▶ Task directions:
In the listing below, every entry should be duplicated exactly.

### Information shown ###

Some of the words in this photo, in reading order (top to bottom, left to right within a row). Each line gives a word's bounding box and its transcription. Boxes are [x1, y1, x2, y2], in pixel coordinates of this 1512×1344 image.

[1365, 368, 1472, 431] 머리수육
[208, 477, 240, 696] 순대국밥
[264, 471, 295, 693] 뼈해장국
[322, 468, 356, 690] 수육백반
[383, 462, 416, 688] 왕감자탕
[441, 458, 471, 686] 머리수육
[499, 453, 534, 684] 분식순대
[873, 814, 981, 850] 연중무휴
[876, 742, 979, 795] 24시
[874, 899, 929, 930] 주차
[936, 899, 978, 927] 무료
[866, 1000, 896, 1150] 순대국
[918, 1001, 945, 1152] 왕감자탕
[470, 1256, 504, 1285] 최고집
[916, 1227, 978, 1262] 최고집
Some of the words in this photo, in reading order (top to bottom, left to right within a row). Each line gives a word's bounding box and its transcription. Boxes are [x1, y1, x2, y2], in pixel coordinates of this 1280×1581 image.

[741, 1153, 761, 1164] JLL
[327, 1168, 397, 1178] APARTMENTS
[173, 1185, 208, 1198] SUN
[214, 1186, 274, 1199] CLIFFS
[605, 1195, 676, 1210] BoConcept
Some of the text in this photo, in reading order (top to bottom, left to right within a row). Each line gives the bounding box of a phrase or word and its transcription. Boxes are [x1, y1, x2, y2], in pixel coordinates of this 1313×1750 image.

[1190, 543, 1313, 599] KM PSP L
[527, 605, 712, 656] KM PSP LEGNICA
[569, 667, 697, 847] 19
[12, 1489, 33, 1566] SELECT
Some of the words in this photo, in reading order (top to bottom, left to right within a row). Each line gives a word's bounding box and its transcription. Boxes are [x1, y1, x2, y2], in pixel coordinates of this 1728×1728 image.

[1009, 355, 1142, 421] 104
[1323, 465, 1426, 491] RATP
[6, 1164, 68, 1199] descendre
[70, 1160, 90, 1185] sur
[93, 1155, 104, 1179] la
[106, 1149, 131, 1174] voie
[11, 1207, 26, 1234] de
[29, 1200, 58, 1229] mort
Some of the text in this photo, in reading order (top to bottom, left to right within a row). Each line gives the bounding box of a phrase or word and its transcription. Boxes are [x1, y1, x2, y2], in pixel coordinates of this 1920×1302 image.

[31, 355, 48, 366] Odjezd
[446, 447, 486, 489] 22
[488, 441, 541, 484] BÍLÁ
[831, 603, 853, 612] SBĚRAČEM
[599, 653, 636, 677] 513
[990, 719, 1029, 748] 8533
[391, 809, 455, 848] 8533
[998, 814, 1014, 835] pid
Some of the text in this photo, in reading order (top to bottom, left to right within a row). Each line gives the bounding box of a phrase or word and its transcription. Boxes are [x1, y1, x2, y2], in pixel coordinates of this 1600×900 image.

###

▶ The answer:
Some of the words in this photo, in reading order (top to bottom, left to right within a row). Each line gives a word's bounding box and its transcription. Boxes are [x1, y1, x2, y2], in pixel coordinates of this 1512×1344 image.

[1365, 368, 1472, 431] 머리수육
[208, 477, 240, 696] 순대국밥
[264, 471, 295, 693] 뼈해장국
[322, 468, 356, 690] 수육백반
[383, 462, 416, 688] 왕감자탕
[441, 458, 471, 686] 머리수육
[499, 453, 534, 684] 분식순대
[873, 814, 981, 850] 연중무휴
[876, 742, 979, 795] 24시
[874, 899, 929, 930] 주차
[936, 899, 978, 927] 무료
[866, 1000, 896, 1150] 순대국
[918, 1001, 945, 1152] 왕감자탕
[470, 1256, 504, 1285] 최고집
[916, 1227, 978, 1262] 최고집
Some of the words in this photo, in reading order (top to bottom, left to right within a row). Each line gives a word's bounding box and its transcription. Boxes are [x1, y1, x2, y2], in pixel coordinates of this 1280×1581 image.

[741, 1153, 761, 1164] JLL
[327, 1168, 397, 1178] APARTMENTS
[173, 1185, 208, 1198] SUN
[214, 1186, 274, 1199] CLIFFS
[605, 1195, 676, 1210] BoConcept
Some of the text in this photo, in reading order (top to bottom, left to right within a row). Each line gives the bounding box of a phrase or word and its transcription. Boxes are [x1, y1, x2, y2], in pixel coordinates of this 1313×1750 image.

[1190, 543, 1313, 599] KM PSP L
[527, 605, 712, 656] KM PSP LEGNICA
[569, 667, 697, 847] 19
[12, 1489, 33, 1566] SELECT
Some of the words in this photo, in reading order (top to bottom, left to right within a row). Each line gives a word's bounding box and its transcription. Boxes are [x1, y1, x2, y2], in pixel coordinates of this 1728×1728 image.

[1009, 355, 1142, 421] 104
[1323, 465, 1426, 491] RATP
[6, 1164, 68, 1199] descendre
[70, 1160, 90, 1185] sur
[93, 1155, 104, 1179] la
[106, 1149, 131, 1174] voie
[11, 1207, 26, 1234] de
[29, 1200, 58, 1229] mort
Some of the text in this photo, in reading order (top to bottom, left to right within a row). Each line gives the bounding box of a phrase or word and its transcription. Boxes are [x1, y1, x2, y2], in pixel coordinates of this 1920×1302 image.

[31, 355, 48, 366] Odjezd
[446, 447, 486, 489] 22
[488, 441, 541, 484] BÍLÁ
[831, 603, 853, 612] SBĚRAČEM
[599, 653, 636, 677] 513
[990, 719, 1029, 748] 8533
[391, 809, 455, 848] 8533
[998, 814, 1014, 835] pid
Some of the text in this photo, in reading order (top to bottom, left to right within a row). Each line gives the bounding box of a phrase or word and its transcription. Boxes are [x1, y1, x2, y2], in pixel coordinates of this 1600×900 image.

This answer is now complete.